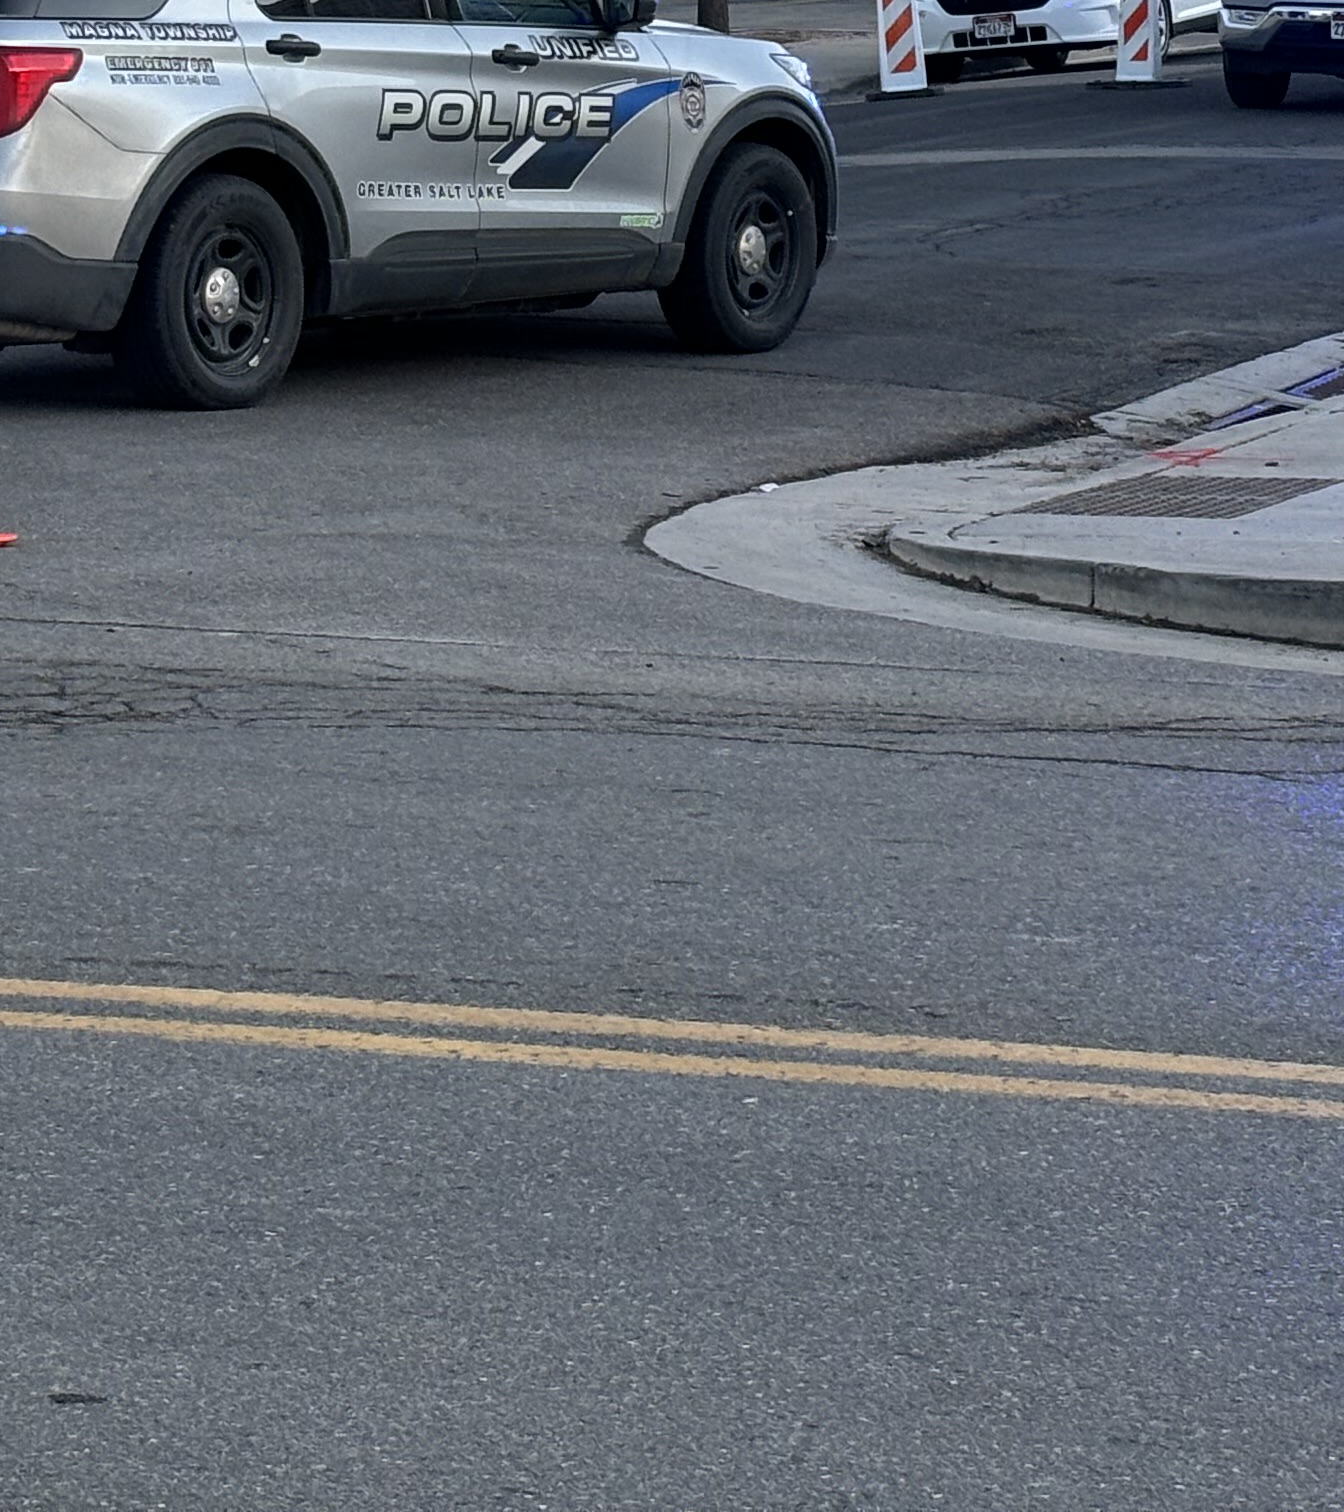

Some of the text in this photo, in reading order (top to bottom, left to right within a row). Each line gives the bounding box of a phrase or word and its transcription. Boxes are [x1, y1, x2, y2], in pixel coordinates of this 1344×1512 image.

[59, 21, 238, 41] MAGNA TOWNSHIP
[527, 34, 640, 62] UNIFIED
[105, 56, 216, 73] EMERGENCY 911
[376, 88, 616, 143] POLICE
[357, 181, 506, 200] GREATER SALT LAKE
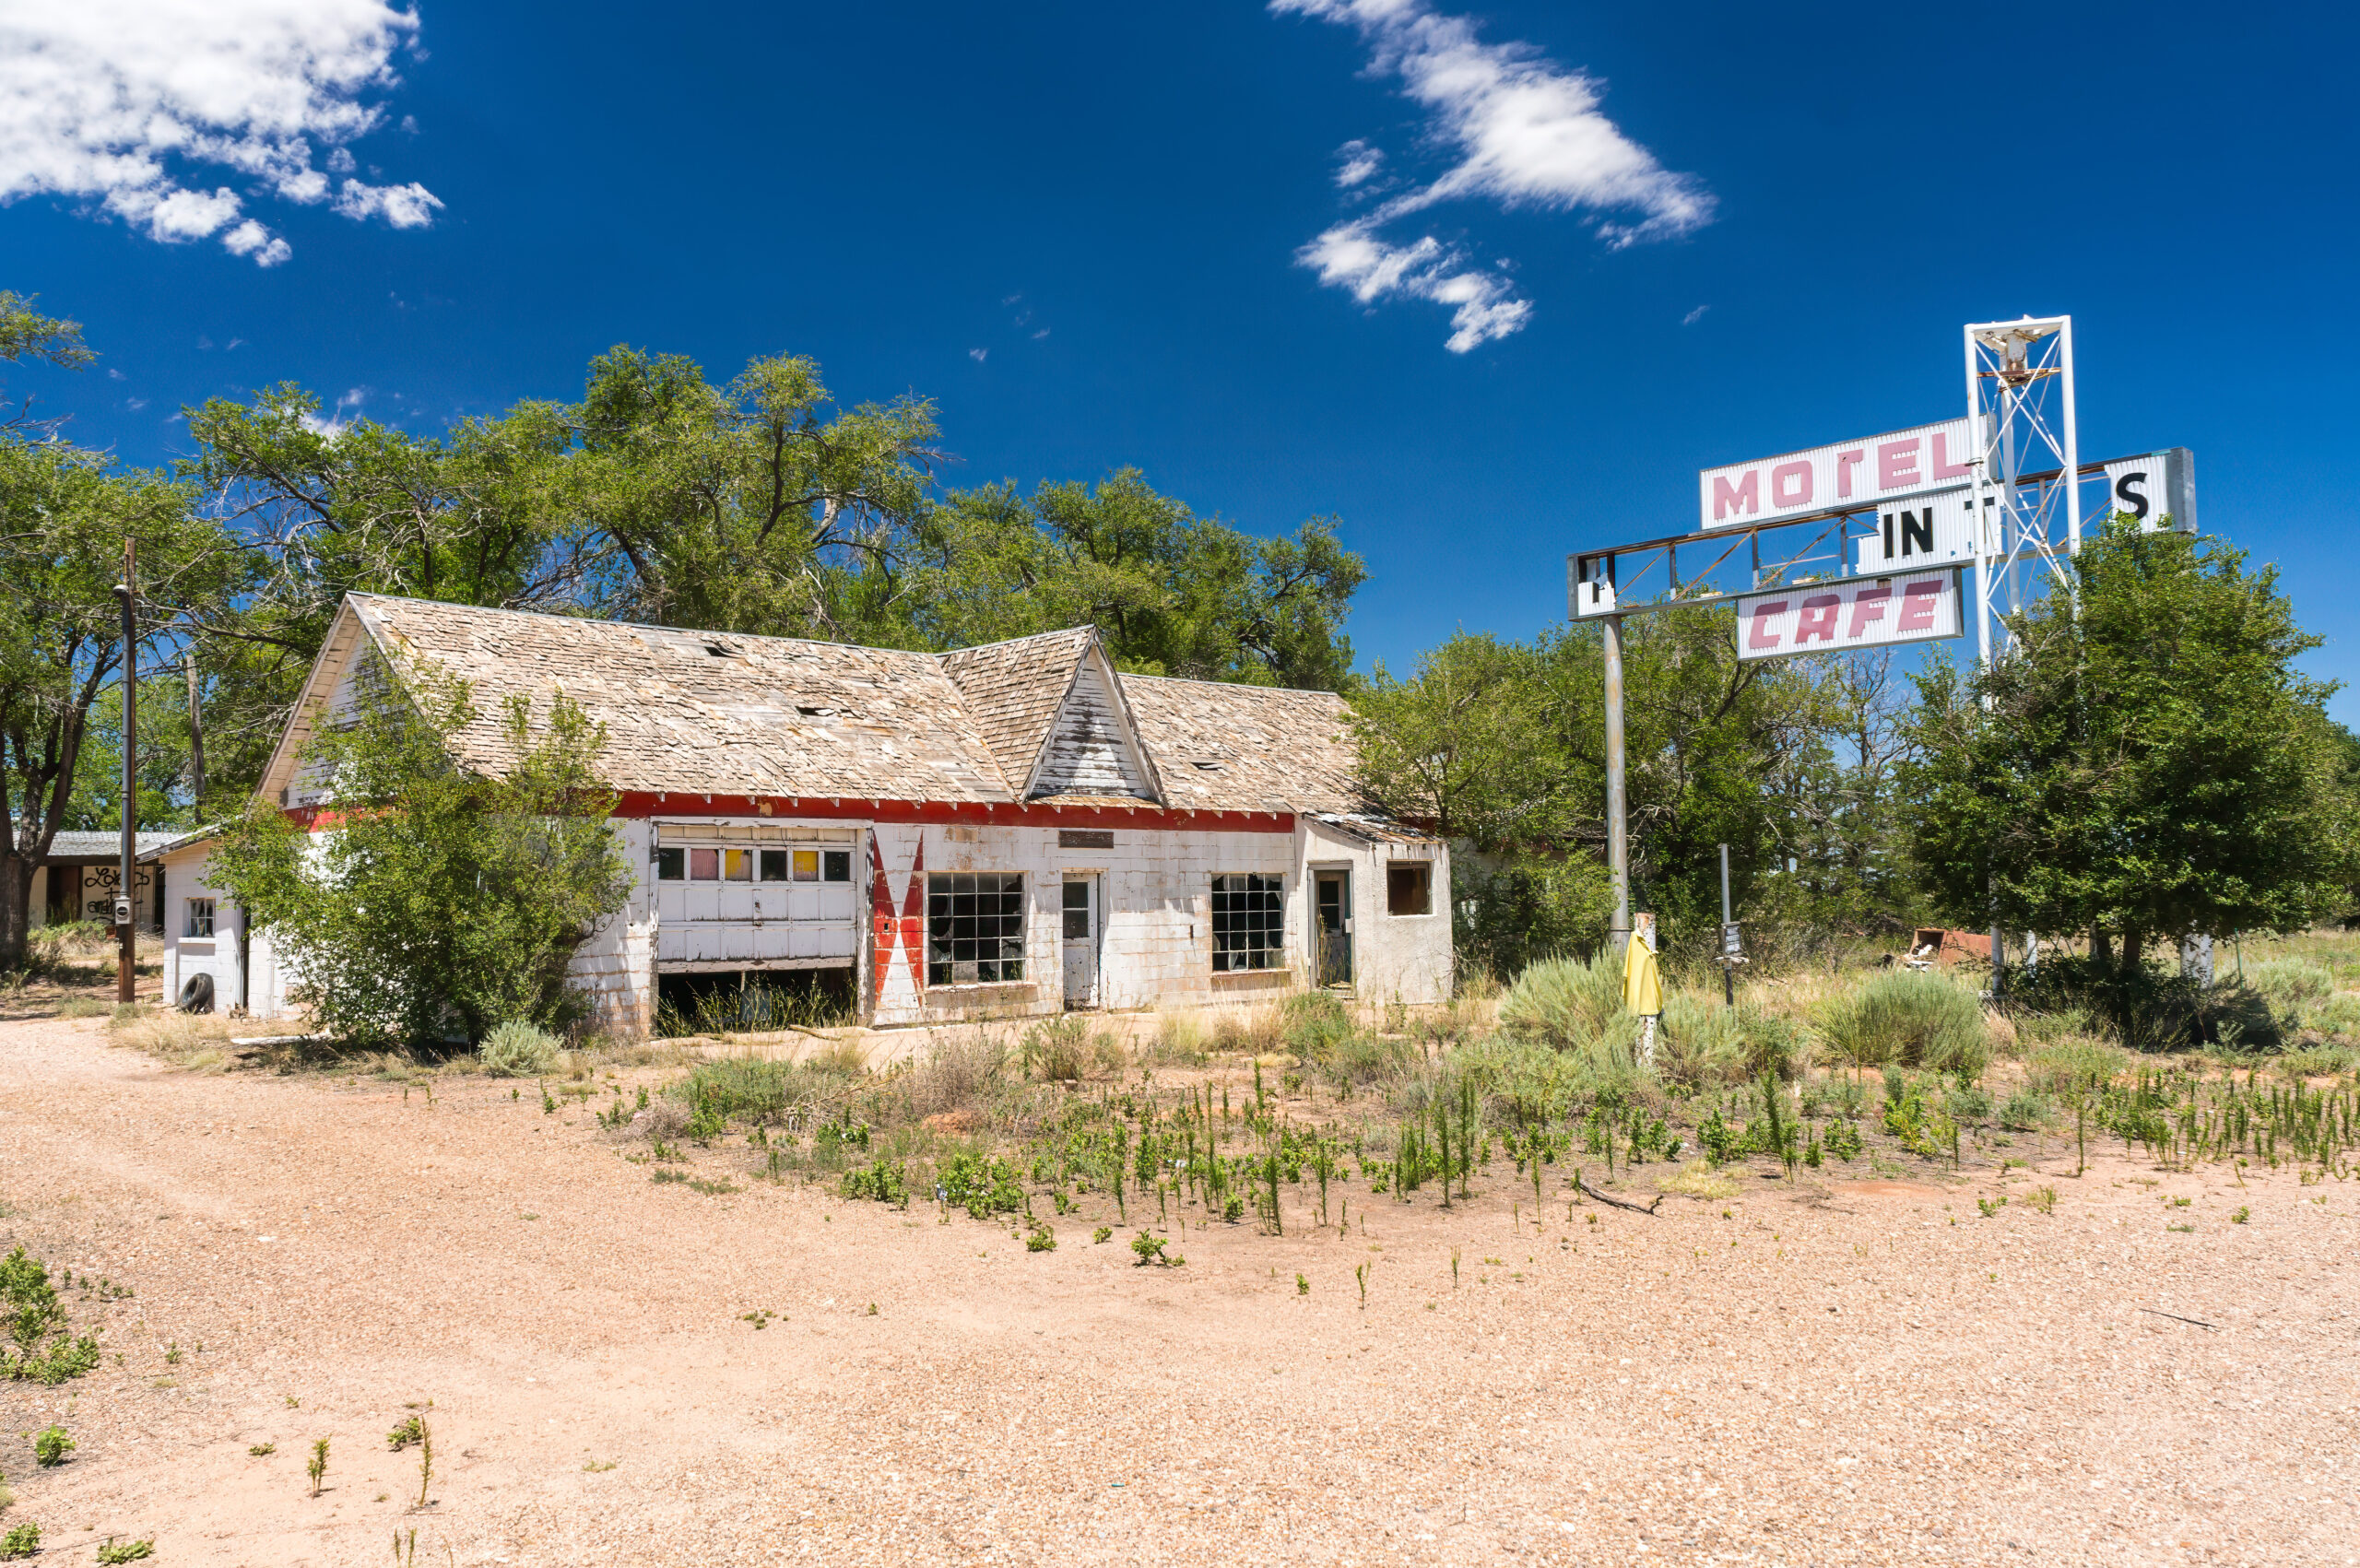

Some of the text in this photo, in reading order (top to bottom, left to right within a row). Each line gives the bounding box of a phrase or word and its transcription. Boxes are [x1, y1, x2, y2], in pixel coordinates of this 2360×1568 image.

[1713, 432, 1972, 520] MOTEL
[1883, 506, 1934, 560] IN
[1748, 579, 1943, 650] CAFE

## About this exercise
Once you reach the line containing "this 2360×1568 image.", transcribe it and each line after it through the end of the material, exactly and with nothing added.

## Problem solution
Some of the text in this photo, in reading order (top to bottom, left to right within a row). Each line gives the bounding box of a phrase or word and its transcription. Boxes are [x1, y1, x2, y2], in pixel coordinates of this 2360×1568 image.

[1713, 432, 1972, 520] MOTEL
[1883, 506, 1934, 560] IN
[1748, 579, 1943, 650] CAFE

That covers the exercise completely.